(Stored data entries)
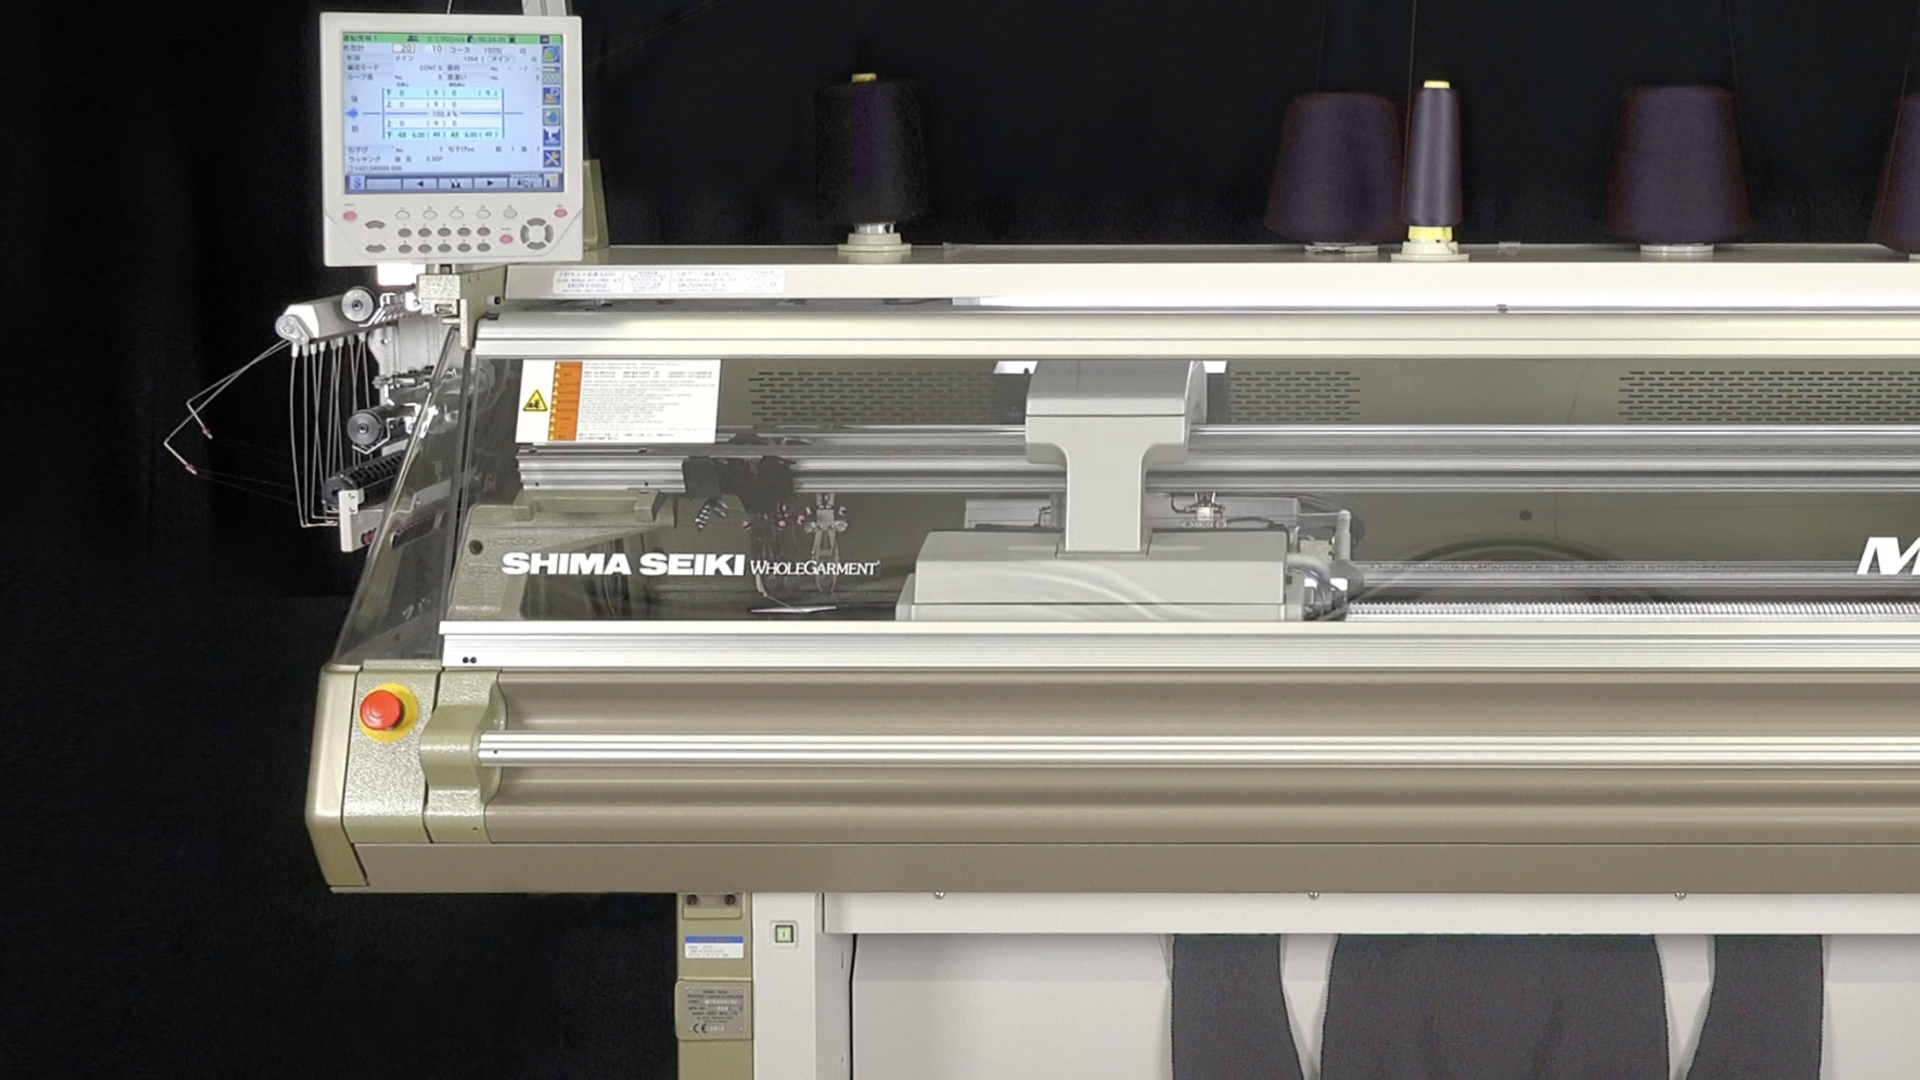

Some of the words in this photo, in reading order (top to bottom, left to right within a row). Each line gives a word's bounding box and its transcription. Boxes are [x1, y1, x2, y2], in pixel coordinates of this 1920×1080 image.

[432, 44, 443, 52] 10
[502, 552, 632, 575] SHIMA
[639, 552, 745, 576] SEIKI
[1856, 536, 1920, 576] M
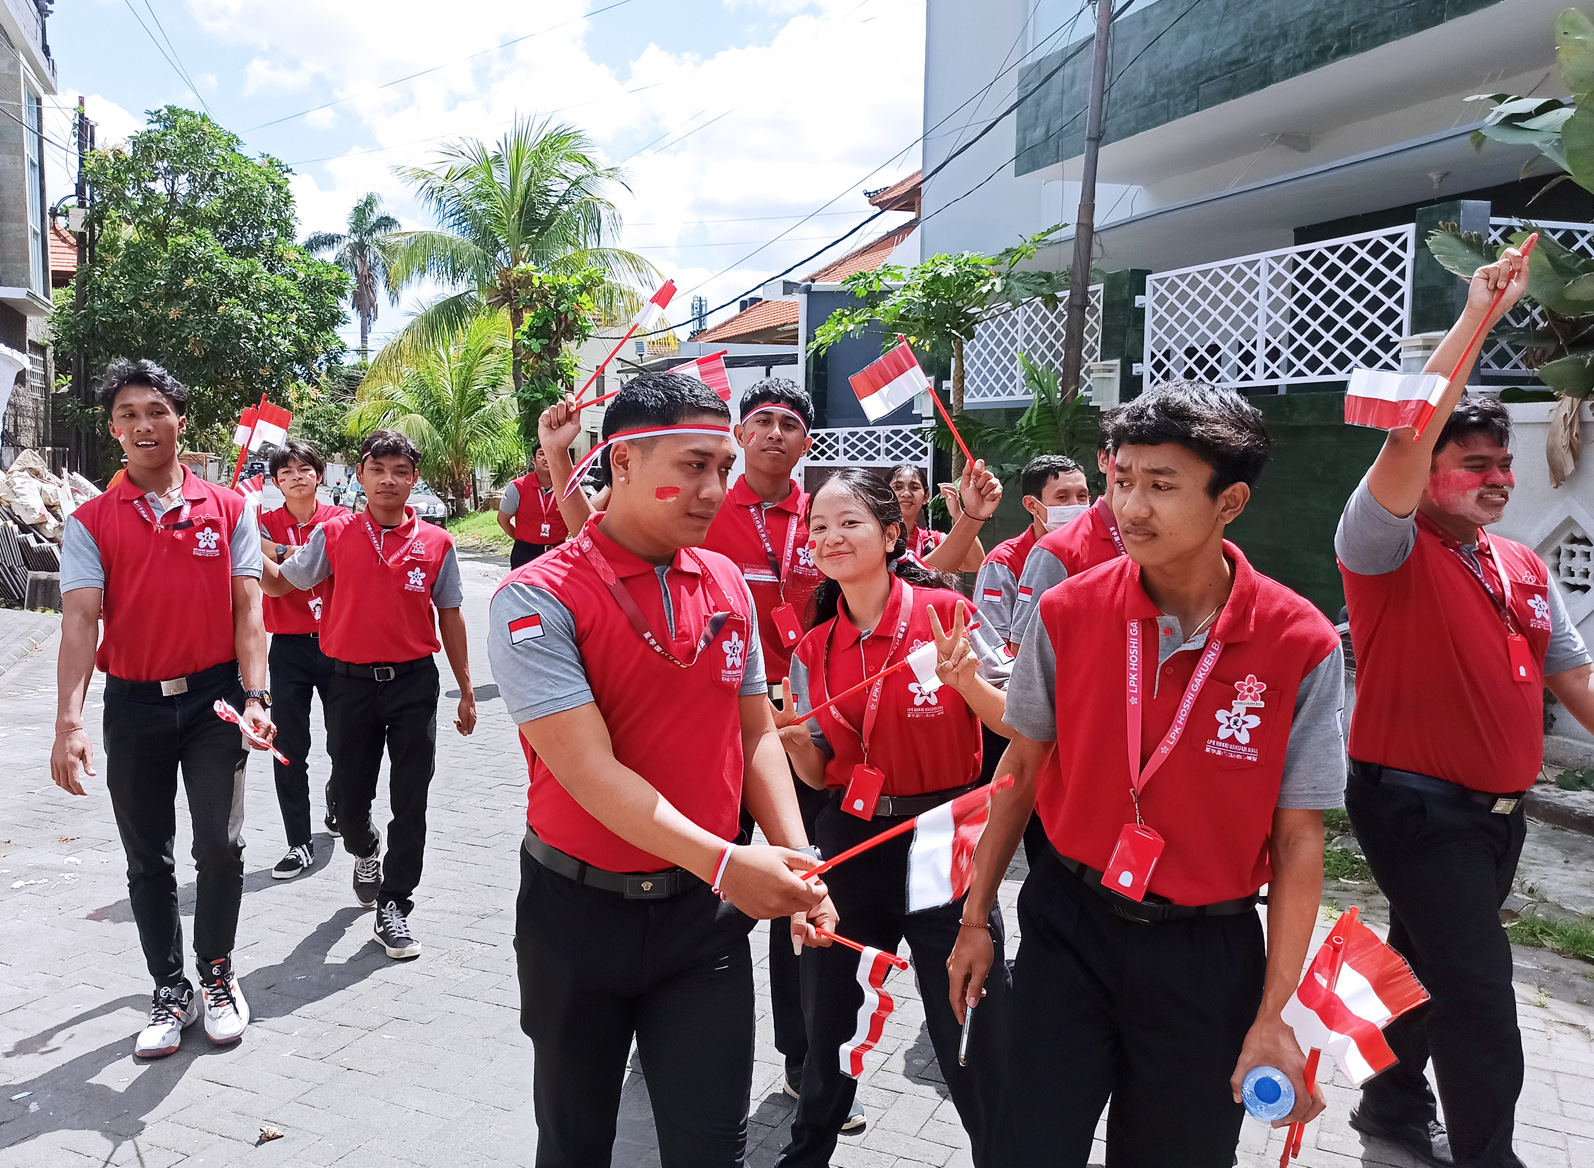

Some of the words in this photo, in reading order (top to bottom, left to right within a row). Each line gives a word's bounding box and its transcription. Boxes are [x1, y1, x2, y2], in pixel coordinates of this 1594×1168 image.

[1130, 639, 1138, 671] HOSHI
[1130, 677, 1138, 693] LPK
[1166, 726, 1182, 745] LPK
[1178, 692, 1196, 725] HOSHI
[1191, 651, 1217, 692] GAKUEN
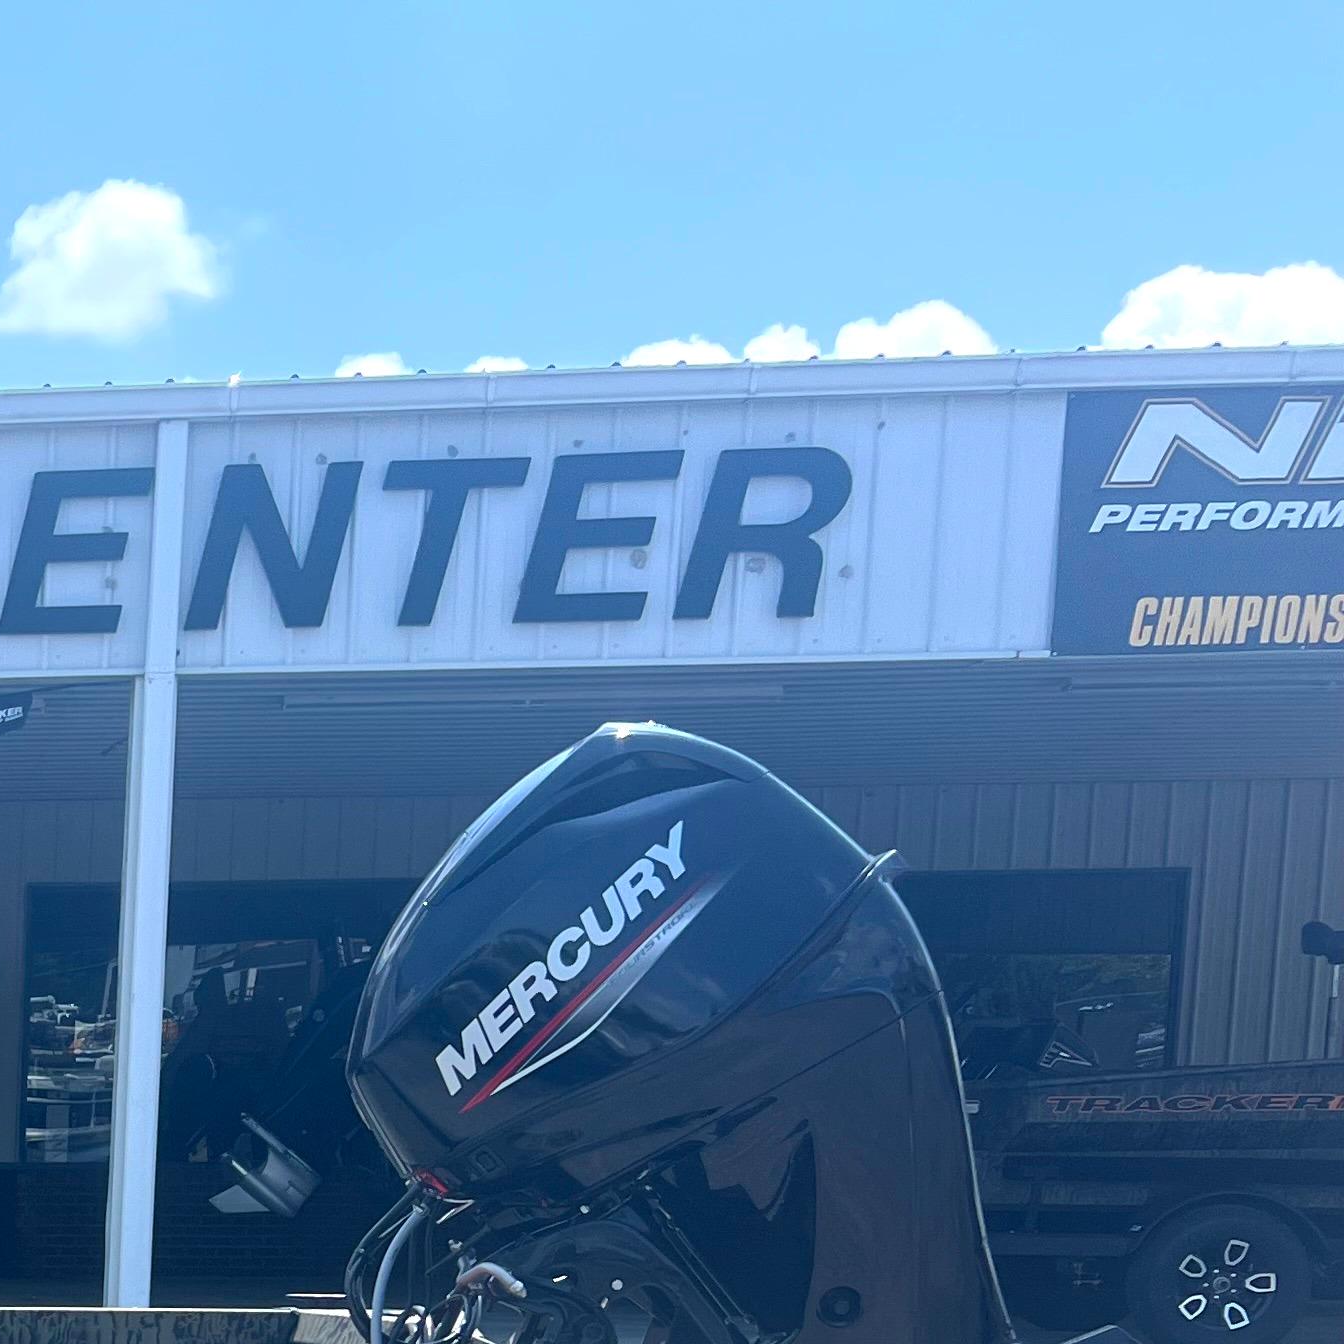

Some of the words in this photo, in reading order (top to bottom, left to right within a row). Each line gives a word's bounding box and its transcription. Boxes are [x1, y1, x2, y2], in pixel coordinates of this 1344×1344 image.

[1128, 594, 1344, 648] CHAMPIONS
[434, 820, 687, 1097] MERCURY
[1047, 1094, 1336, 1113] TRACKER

**Prompt:**
Your response should hold only an exact copy of the lines above, from the one containing "this 1344×1344 image." through the end of the entries.

**Task result:**
Some of the words in this photo, in reading order (top to bottom, left to right within a row). Each line gives a word's bounding box and its transcription. Boxes are [x1, y1, x2, y2], in pixel coordinates of this 1344×1344 image.

[1128, 594, 1344, 648] CHAMPIONS
[434, 820, 687, 1097] MERCURY
[1047, 1094, 1336, 1113] TRACKER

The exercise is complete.